Uri Bülbül | Das Ästhetikum

 
 
 
 


Es kommt nicht darauf an, die Welt zu verändern,
sondern des Menschen Verhältnis zur Welt.



Zeit für Märchen
Das alte Weib und der zweibackige Apfel


Angeregt von Otto, der zackigen Ziege
Märschenstunde: Angenommen es klopft eines Tages an Ihre Tür und ein altes zerlumptes Weib steht davor und hält Ihnen einen Apfel unter die Nase. Ne rote und ne grüne Backe ( der Apfel ) Wo ? beißen Sie zuerst hinein. In lauernder Spannung; Otto der zickige Märschenerzähler.

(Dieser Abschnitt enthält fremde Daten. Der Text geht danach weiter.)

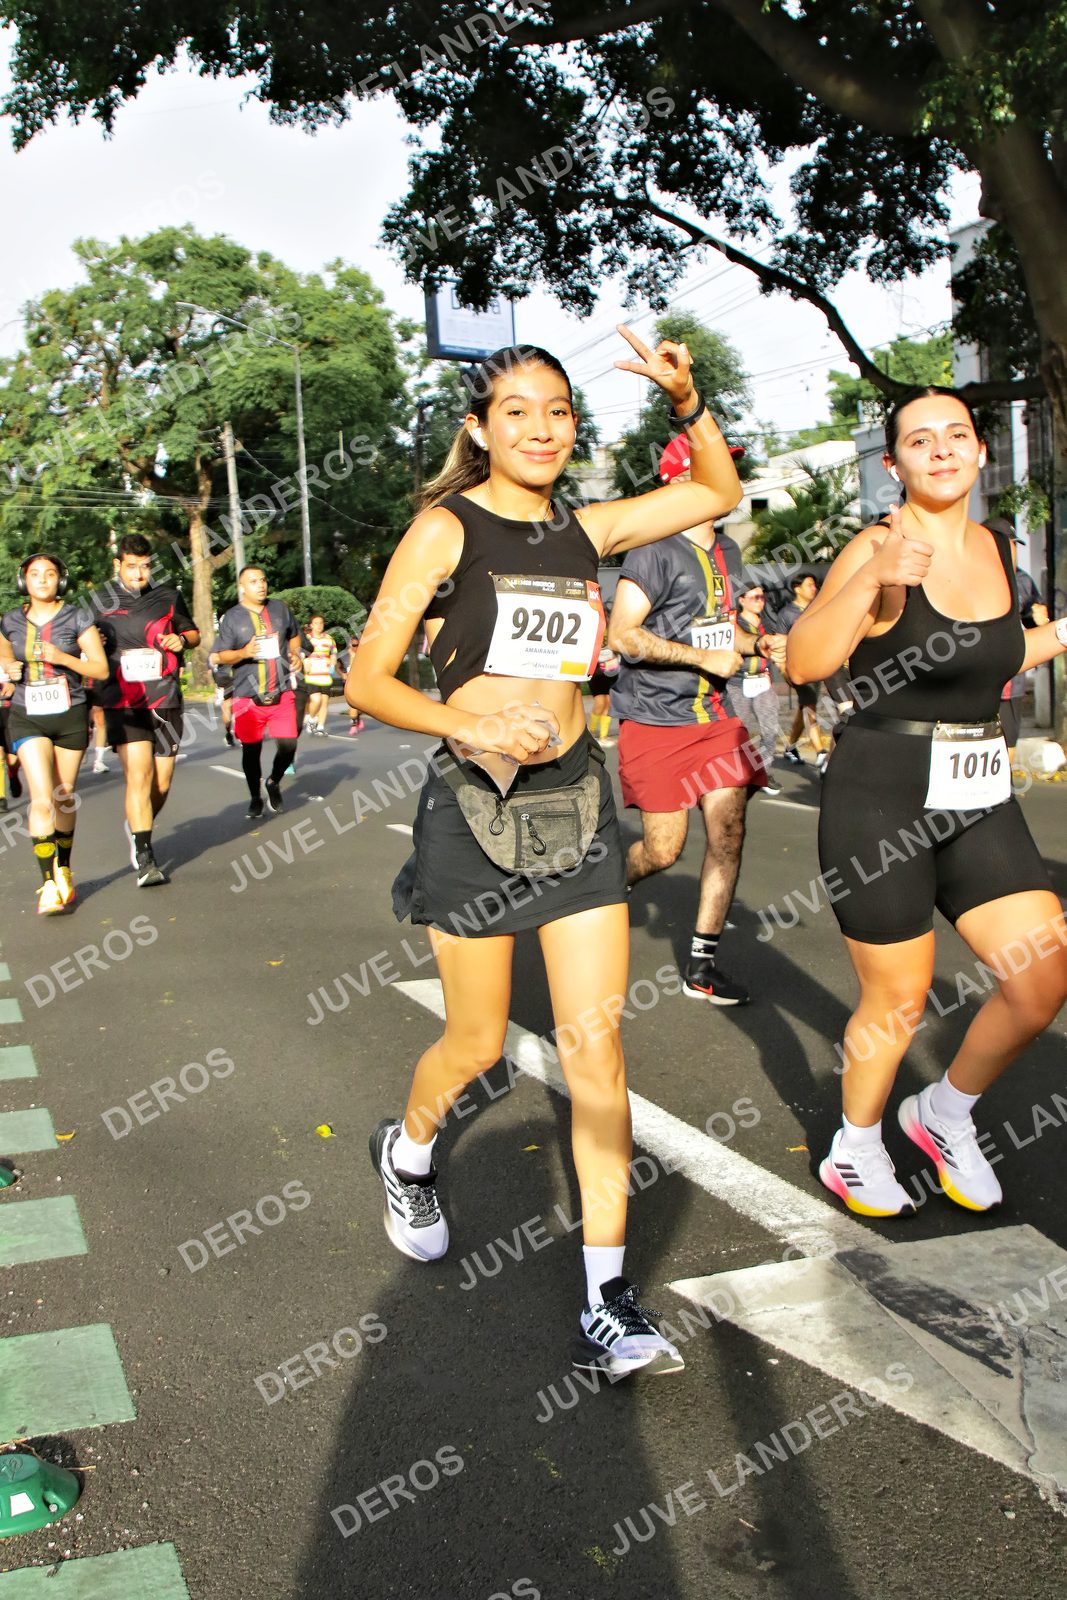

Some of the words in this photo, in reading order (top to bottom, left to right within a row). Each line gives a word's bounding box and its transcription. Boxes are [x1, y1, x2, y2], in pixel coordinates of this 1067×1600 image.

Es war einmal ein Uri, genannt die "orientalische Nachtigall", weil er die Fabel von der Rose und der Nachtigall für sich umgedichtet hatte. Die Fabel ging so: einst waren alle Rosen weiß, da verliebte sich eine Nachtigall in eine Rose und besang sie, indem sie ihren Hals in ihre Dornen drückte, um seine unsterbliche Liebe auszudrücken, die ganze Nacht. Die Rose färbte sich vom Blut der Nachtigall rot, die Nachtigall hatte ihr ganzes Herzblut vergossen und starb im Morgengrauen.

Uri, die Nachtigall deutete dies so: die Rose hatte gar keine Chance, die Liebe der Nachtigall zu erwidern, weil sie keine Ohren hat und nicht hören, also auch den Liebesgesang nicht erhören kann. Sie wurde rot gefärbt und wusste nicht einmal warum :'( Alles nur ein Mißverständnis und ein absurdes Spiel.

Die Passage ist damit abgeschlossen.